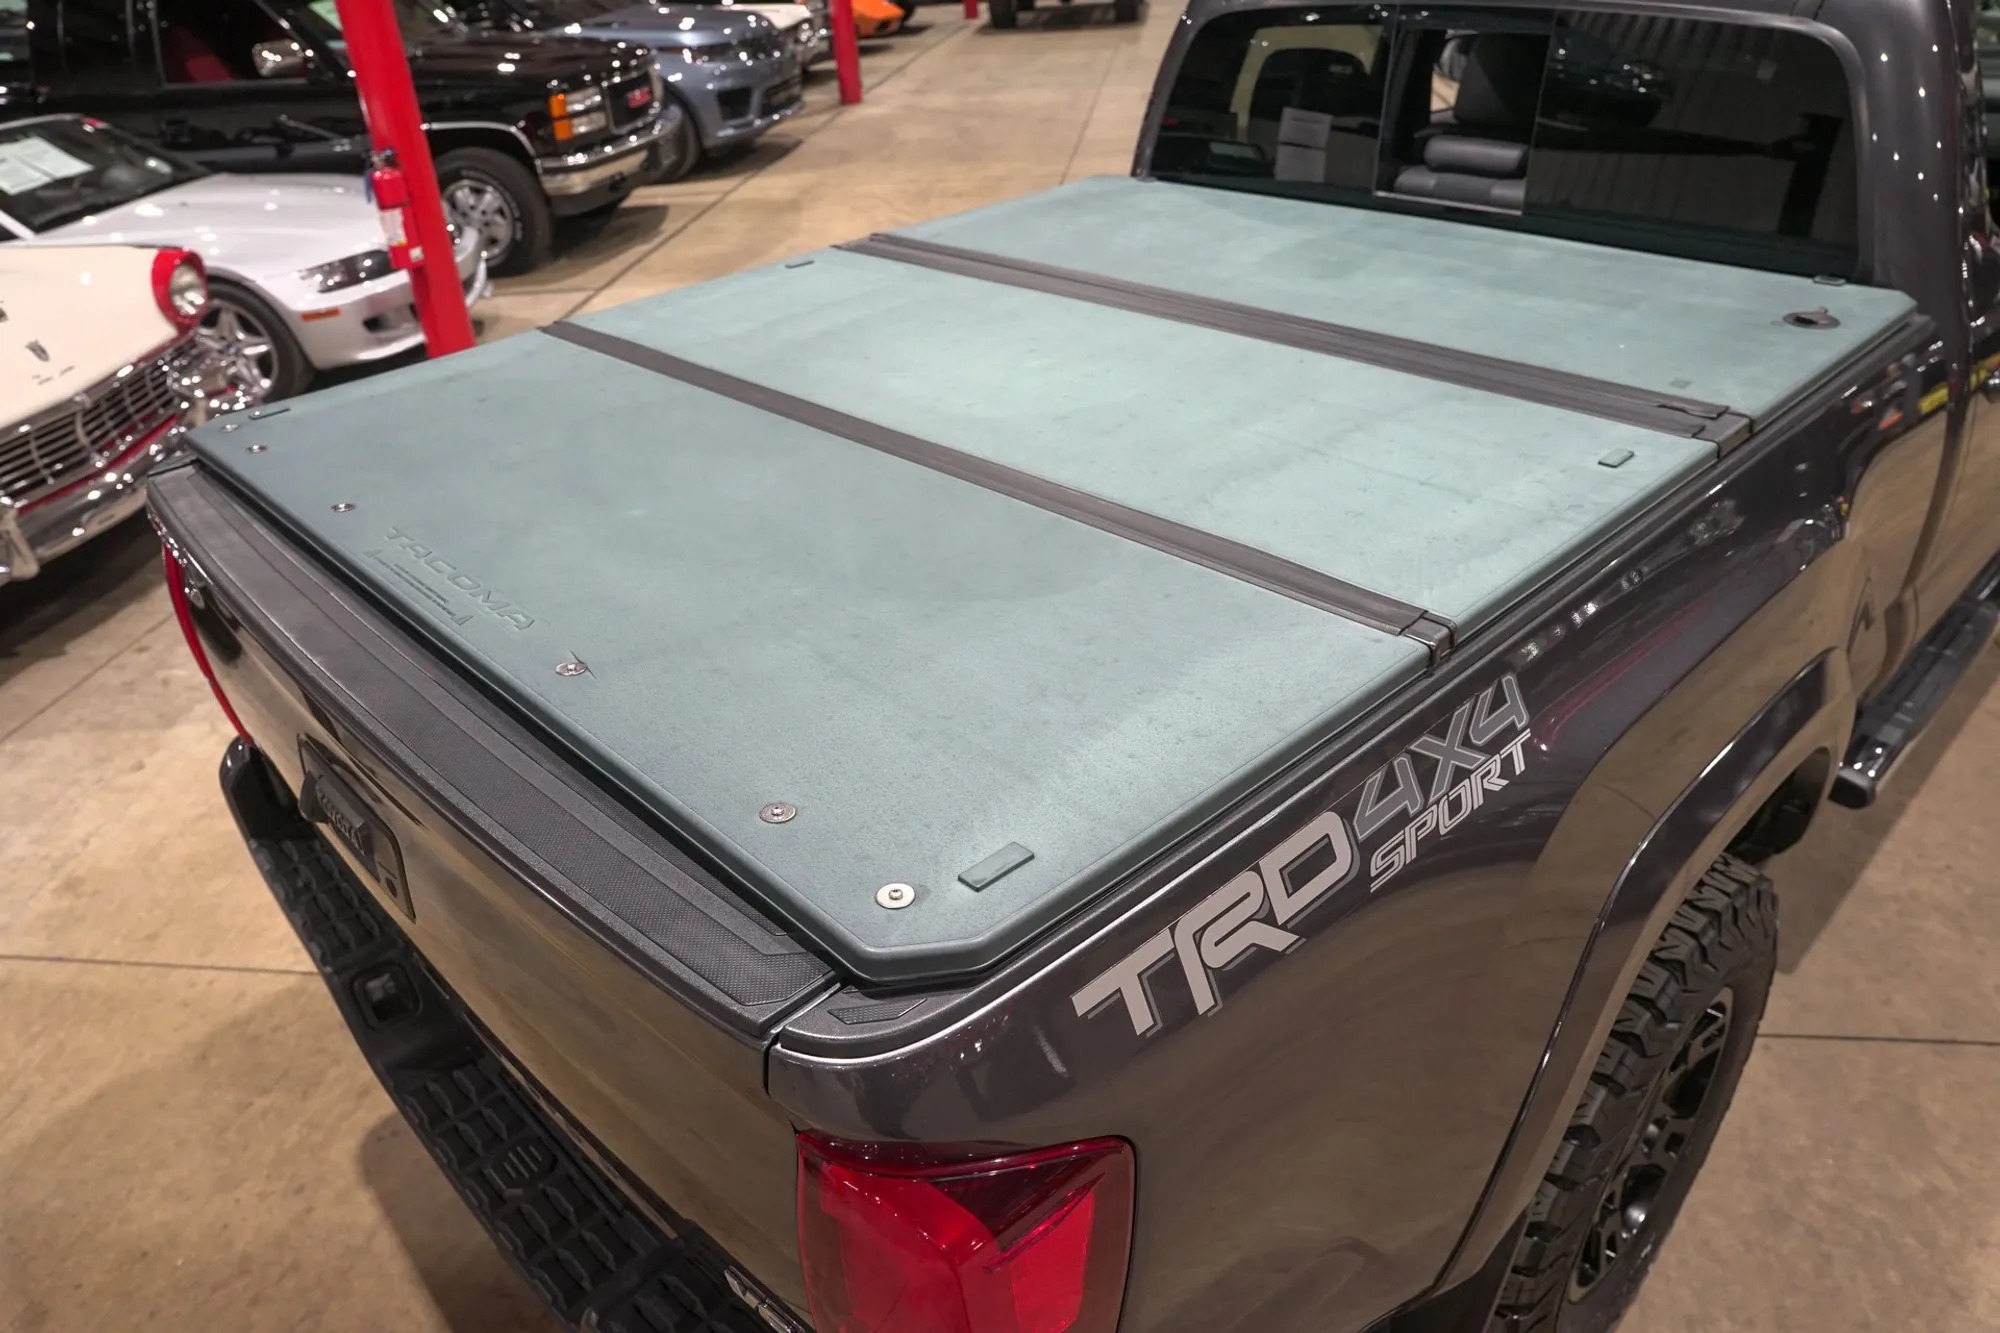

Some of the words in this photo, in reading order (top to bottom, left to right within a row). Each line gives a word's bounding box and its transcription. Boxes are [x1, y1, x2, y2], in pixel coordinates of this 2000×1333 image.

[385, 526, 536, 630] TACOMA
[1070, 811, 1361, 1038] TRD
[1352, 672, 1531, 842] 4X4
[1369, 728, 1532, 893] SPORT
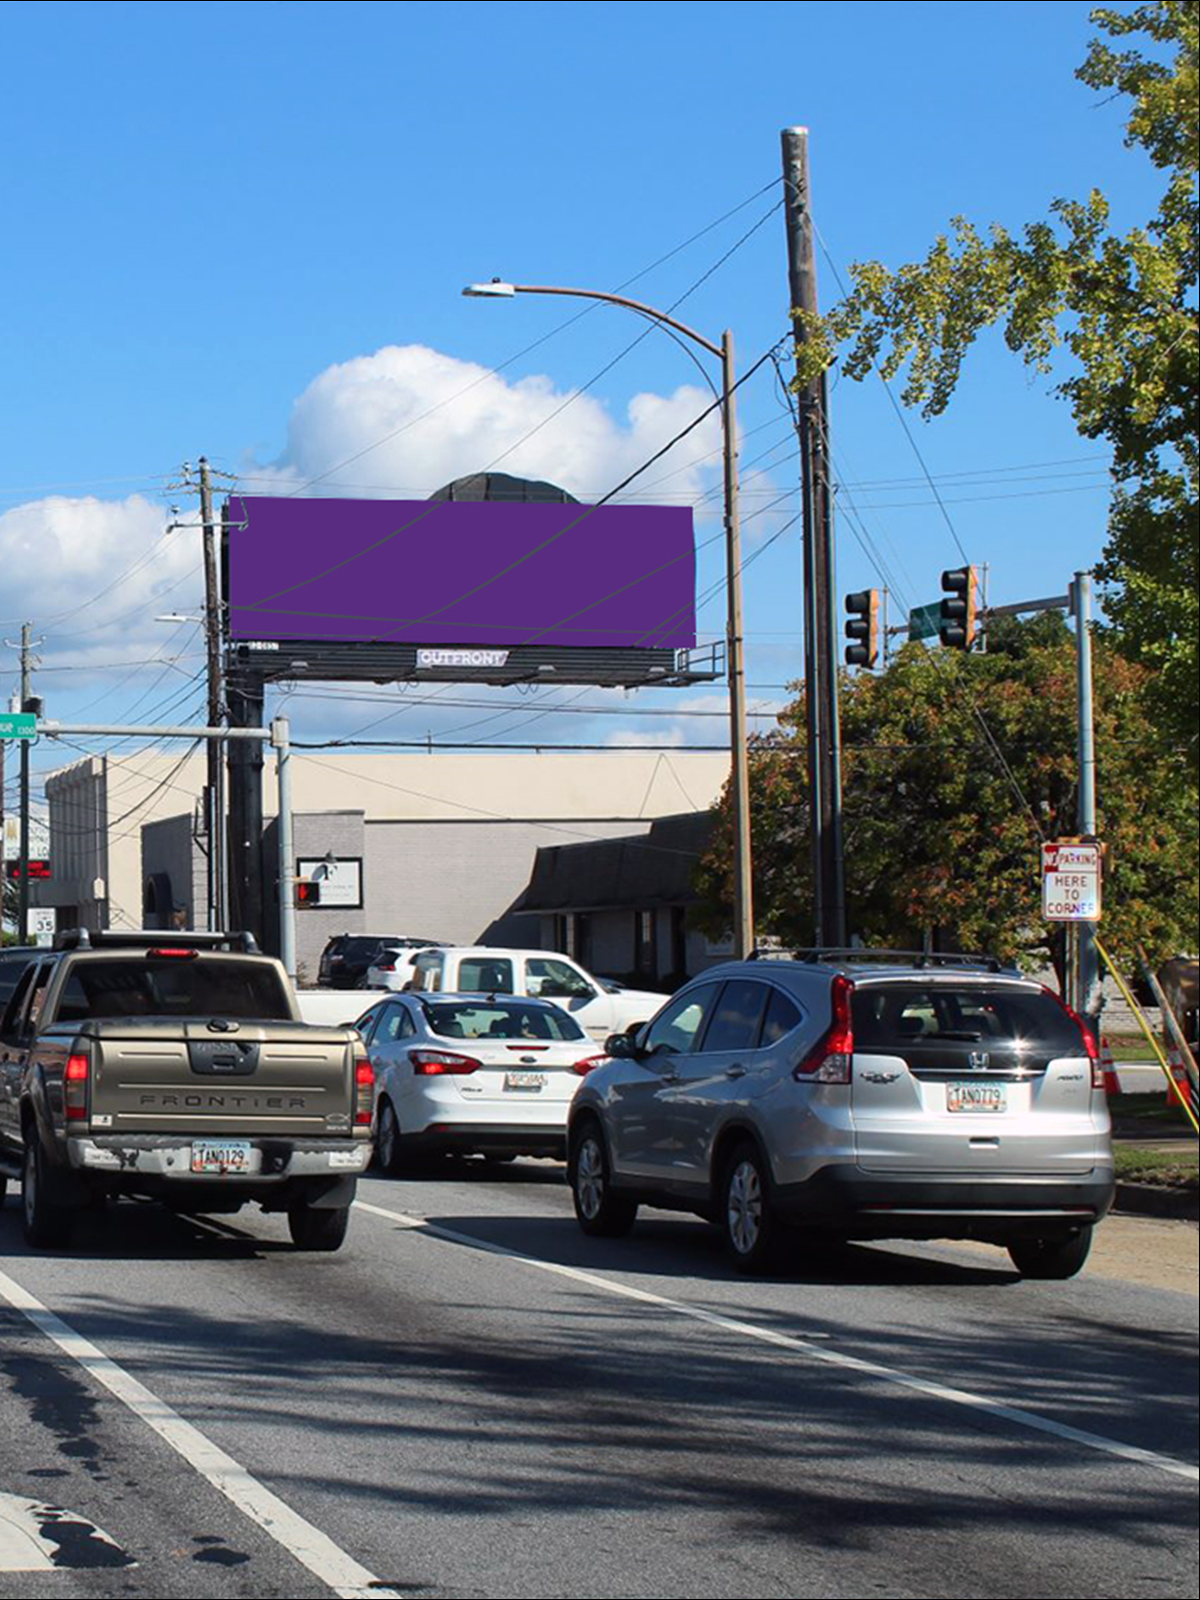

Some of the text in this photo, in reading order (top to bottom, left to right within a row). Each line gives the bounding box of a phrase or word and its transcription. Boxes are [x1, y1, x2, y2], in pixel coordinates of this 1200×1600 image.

---*---

### Aim of the task
Print all records verbatim, excluding pictures.

### Task answer
Some of the words in this photo, in reading order (top to bottom, left to right within a row). Each line gives a word's bounding box and its transcription. Boxes are [x1, y1, x2, y2], in pixel coordinates of this 2000×1333 image.

[385, 526, 536, 630] TACOMA
[1070, 811, 1361, 1038] TRD
[1352, 672, 1531, 842] 4X4
[1369, 728, 1532, 893] SPORT

Some of the text in this photo, in reading order (top to bottom, left to right within a row). Each line gives the bounding box of a phrase or word and its transcription. Boxes are [x1, y1, x2, y2], in pixel coordinates of this 1200×1600 image.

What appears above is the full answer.